Changes to 1st class provider inputs forcing recreation of provider and all dependent resources #2012

lukehoban · 2018-10-02T20:48:02Z

From @geekflyer on Slack:

The problem I’m suddenly facing is that when anything non-substantial in the cluster changes, pulumi also wants to recreate (replace) the k8s provider and ALL the resources that have been previously created by that provider. Non-substantial changes in my case for example is that one of the node-pools scaled down by 1 instance.

He is creating a new new k8s.Provider using code like below which .gets the kubeconfig off a GKE resource. This is causing even small changes to the GKE instance to trigger the K8s provider to get replaced, and in turn all the Kubernetes resources.

import * as gcp from '@pulumi/gcp';
import * as pulumi from '@pulumi/pulumi';
import * as k8s from '@pulumi/kubernetes';
import { Cluster } from '@pulumi/gcp/container';
import { defaultZone, defaultProject } from './gcp-constants';
import { memoize } from 'ramda';
import { packageConfig } from './misc';

const gcpConfig = new pulumi.Config('gcp');

// most of the functions in this module are memoized. This is to improve lookup speed in bigger pulumi programs like solvvy-apis and
// to avoid resource id conflicts in pulumi when importing the same cluster / resource multiple times.
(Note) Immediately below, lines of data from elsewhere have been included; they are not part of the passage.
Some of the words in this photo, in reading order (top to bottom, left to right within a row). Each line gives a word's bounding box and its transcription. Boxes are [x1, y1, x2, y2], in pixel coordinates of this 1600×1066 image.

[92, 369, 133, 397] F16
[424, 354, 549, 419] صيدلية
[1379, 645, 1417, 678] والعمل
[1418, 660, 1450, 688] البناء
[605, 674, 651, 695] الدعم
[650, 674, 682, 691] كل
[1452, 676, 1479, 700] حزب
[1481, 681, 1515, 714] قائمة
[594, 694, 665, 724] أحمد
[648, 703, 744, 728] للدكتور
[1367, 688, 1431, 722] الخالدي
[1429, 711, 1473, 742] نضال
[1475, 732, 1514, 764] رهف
export const lookupClusterByName = memoize(
  (clusterName: string): Cluster => {
    return Cluster.get(clusterName, clusterName, {
      name: clusterName,
      zone: gcpConfig.get('zone') || defaultZone,
      project: gcpConfig.get('project') || defaultProject
    });
  }
);

export function kubectlConfigFromGkeCluster(cluster: Cluster) {
  return pulumi.all([cluster.name, cluster.endpoint, cluster.masterAuth]).apply(([name, endpoint, auth]) => {
    const context = `${gcp.config.project}_${gcp.config.zone}_${name}`;
    return `apiVersion: v1
clusters:
- cluster:
    certificate-authority-data: ${auth.clusterCaCertificate}
    server: https://${endpoint}
  name: ${context}
contexts:
- context:
    cluster: ${context}
    user: ${context}
  name: ${context}
current-context: ${context}
kind: Config
preferences: {}
users:
- name: ${context}
  user:
    auth-provider:
      config:
        cmd-args: config config-helper --format=json
        cmd-path: gcloud
        expiry-key: '{.credential.token_expiry}'
        token-key: '{.credential.access_token}'
      name: gcp
`;
  });
}

export const getK8sProviderByClusterName: (clusterName: string) => k8s.Provider = memoize((clusterName: string) => {
  return new k8s.Provider(clusterName, {
    kubeconfig: kubectlConfigFromGkeCluster(lookupClusterByName(clusterName))
  });
});

export const getK8sProviderByCluster = memoize((providerInstanceName: string, cluster: Cluster) => {
  return new k8s.Provider(providerInstanceName, {
    kubeconfig: kubectlConfigFromGkeCluster(cluster)
  });
});

export const getK8sProviderFromInferredCluster = memoize(() => {
  const clusterName = packageConfig.require('cluster');
  return new k8s.Provider(clusterName, {
    kubeconfig: kubectlConfigFromGkeCluster(lookupClusterByName(clusterName))
  });
});

The text was updated successfully, but these errors were encountered:

lukehoban · 2018-10-02T22:32:43Z

I've tried to reproduce this - but cannot trigger the reported replacements.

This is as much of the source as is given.